Low Documentation (Low Doc) Loans are designed for self-employed customers and small business owners who may not have access to the financial statements and tax returns usually required when applying for a loan.These loans may be used by people who cannot prove a regular income, such as the self-employed or those whose income comes from investments.Low doc personal loans are also options for individuals which have bad or no credit ratings as banks or some lending institutions tend to heavily favour lending money only to individuals with good credit ratings.
Characteristics of Low Doc Loans
Low doc loans have quite similar features to other personal loans but comes with the benefit of having more lenient required documents. As such, this is a better option for those which do not qualify for other forms of personal loans.
• Standard application. As these loans require less documentation than others, the application process is usually the same as a regular personal loan.
• Fees and rates. As these loans require less proof of financial stability, lenders may charge higher fees and rates to offset the risk of lending the money.
• Variable or fixed. Depending on the loan you opt for you may be able to select a fixed or variable rate option to suit your financial needs.
• Flexible loan purposes. Low doc personal loans may allow you to borrow money to finance personal or business needs, making them a suitable option to consider for various types of loan requirements.
Pros and Cons of Low Doc Loans
There are merits and demerits of low doc loans. Some of the merits which come with applying for a low doc are:
• Very little documentation is needed to apply for this kind of loan compared to other standard loans. Individuals with bad credit ratings can greatly benefit from low doc loans.
• Provides an option to individuals who may not have access to traditional personal loans.
The disadvantages or demerits of the low doc loan are:
• These loans most of the time have higher interest rates compared to traditional personal loans
• These loans tend to offer less features and flexibility than other loans.

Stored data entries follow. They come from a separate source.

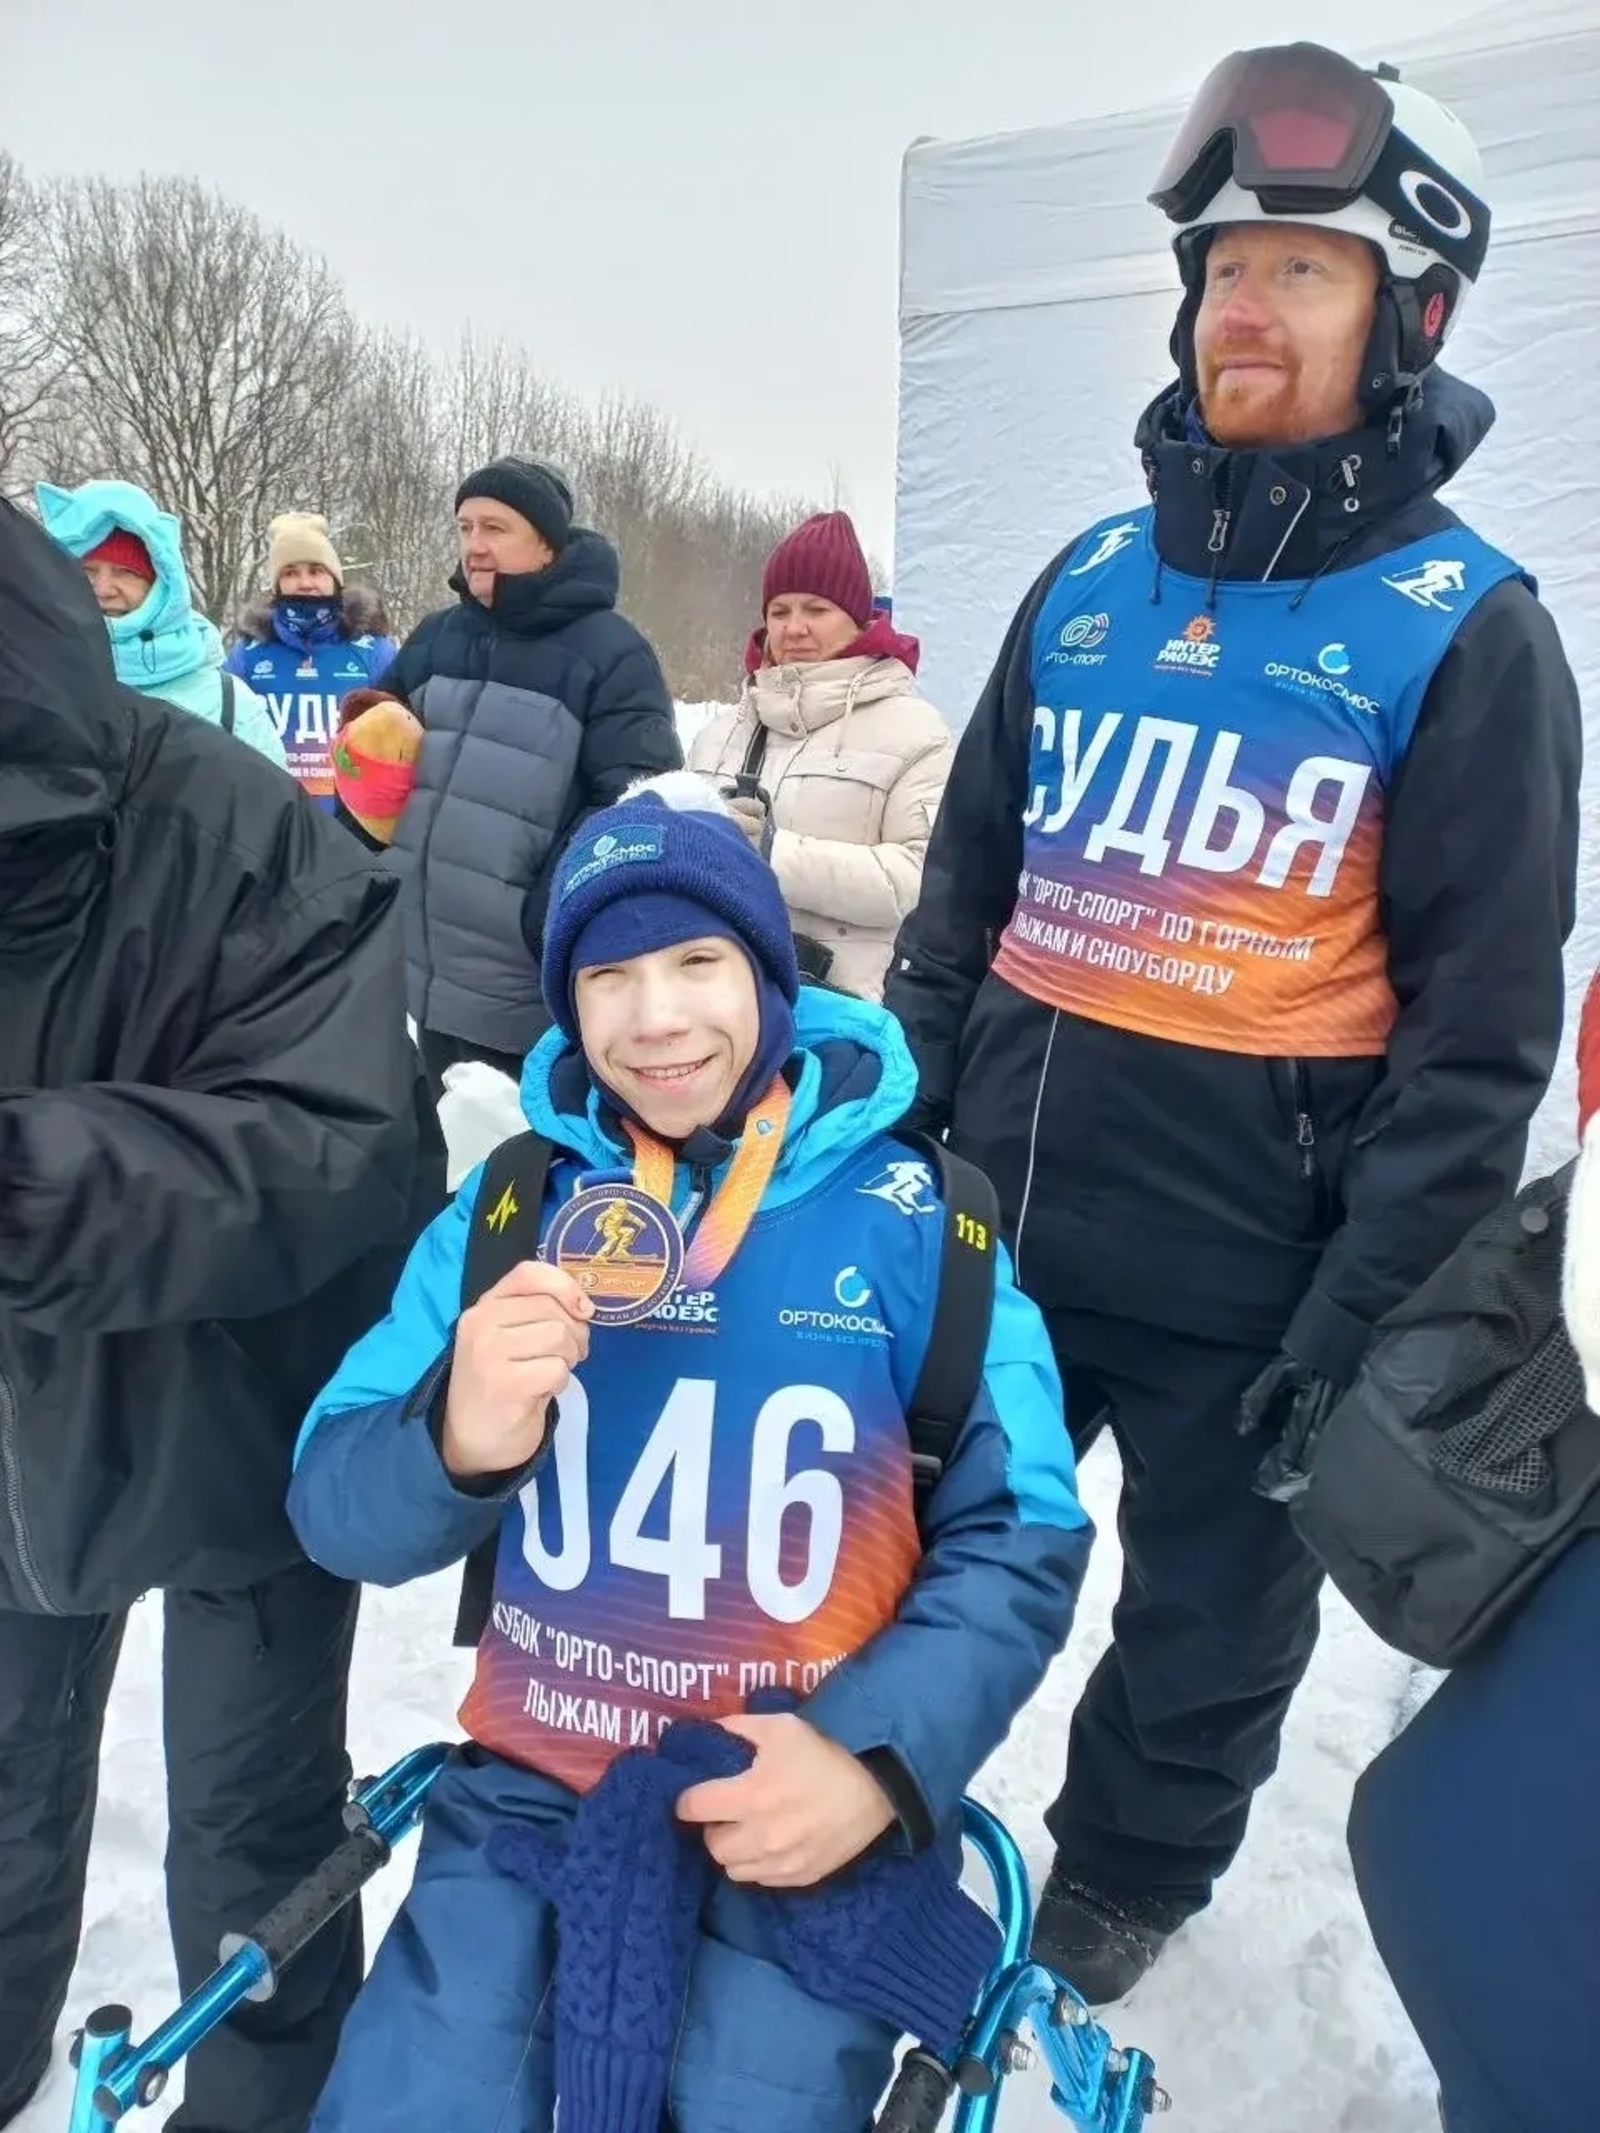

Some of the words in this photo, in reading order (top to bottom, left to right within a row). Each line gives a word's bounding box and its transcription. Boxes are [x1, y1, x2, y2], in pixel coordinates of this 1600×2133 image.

[1045, 652, 1107, 665] РТО-СПОРТ
[1164, 639, 1220, 655] ИНТЕР
[1265, 662, 1380, 715] ОРТОКОСМОС
[1022, 706, 1372, 898] СУДЬЯ
[1032, 875, 1156, 931] "ОРТО-СПОРТ"
[1159, 911, 1193, 943] ПО
[1200, 921, 1315, 961] ГОРНЫМ
[1071, 933, 1085, 959] И
[1087, 938, 1235, 996] СНОУБОРДУ
[956, 1213, 986, 1251] 113
[678, 1305, 719, 1323] ЕЭС
[519, 1374, 856, 1624] 046
[493, 1600, 541, 1658] КУБОК
[546, 1626, 729, 1700] "ОРТО-СПОРТ"
[738, 1660, 777, 1697] ПО
[785, 1652, 847, 1694] ГОР
[524, 1678, 622, 1744] ЛЫЖАМ
[630, 1710, 650, 1745] И

Before going to apply for a low doc loan, consider a few key aspects.
• Do you really need the loan? More times than not, these loans attract individuals for the wrong reasons. Consider if you have a reliable income or stable assets to prove to a lender that you have the ability to make the repayment and not default on your loan. Think clearly if your financial position is suitable to be taking up a loan.
• Loan planning. Most of these low doc personal loans come with higher interest in comparison to standard loans which means that more money will be needed for repayment. Loan planning is important and one should carefully evaluate if the loan will be able to fit into one’s current budget to avoid falling into debt.
In conclusion, if you have a good investment opportunity and do not have the means to obtain a standard personal loan, a low doc loan can be a boost to get you through without turning to illegal methods.